WHAT IS BEING ASKED -
Return each record unchanged and drop the images.

Saved data entries:
• • • •
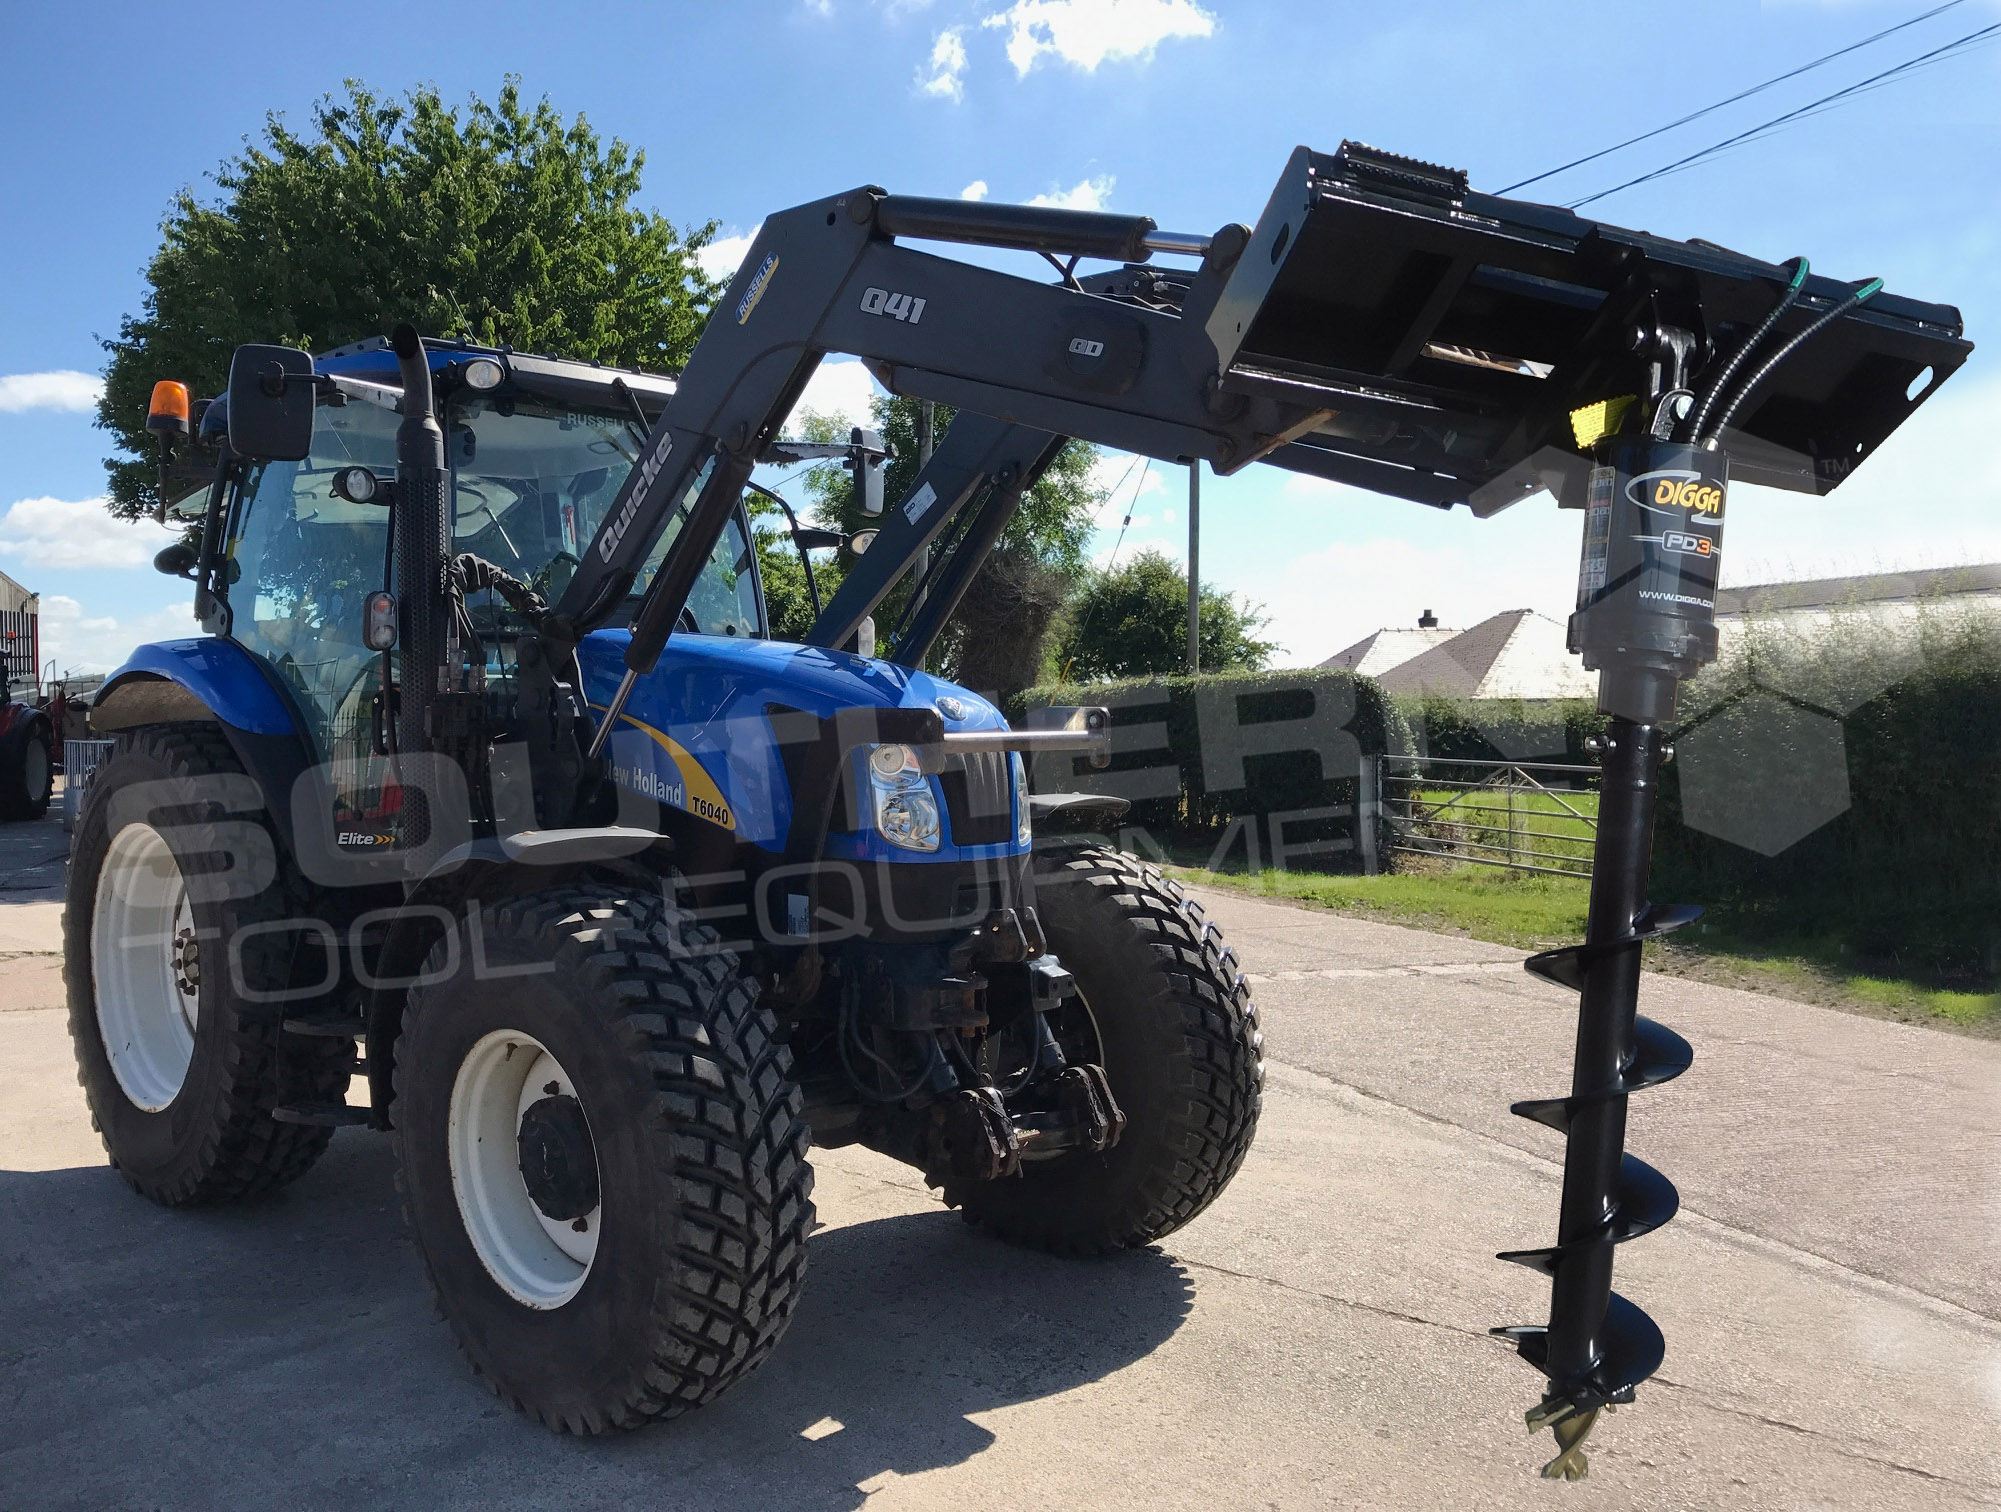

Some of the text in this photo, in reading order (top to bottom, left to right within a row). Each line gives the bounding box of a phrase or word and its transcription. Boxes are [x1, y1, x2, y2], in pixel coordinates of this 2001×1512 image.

[739, 257, 774, 316] RUSSELLS
[860, 287, 926, 324] Q41
[1069, 337, 1104, 357] QD
[599, 431, 673, 564] Quicke
[1654, 479, 1721, 514] DIGGA
[1666, 533, 1711, 555] PD3
[1639, 590, 1714, 608] WWW.DIGGA.CO
[633, 766, 682, 806] Holland
[692, 796, 729, 825] T6040
[337, 832, 375, 845] Elite
• • • •
WORKED SOLUTION -
Some of the text in this photo, in reading order (top to bottom, left to right within a row). Each line gives the bounding box of a phrase or word and its transcription. Boxes are [x1, y1, x2, y2], in pixel coordinates of this 2001×1512 image.

[739, 257, 774, 316] RUSSELLS
[860, 287, 926, 324] Q41
[1069, 337, 1104, 357] QD
[599, 431, 673, 564] Quicke
[1654, 479, 1721, 514] DIGGA
[1666, 533, 1711, 555] PD3
[1639, 590, 1714, 608] WWW.DIGGA.CO
[633, 766, 682, 806] Holland
[692, 796, 729, 825] T6040
[337, 832, 375, 845] Elite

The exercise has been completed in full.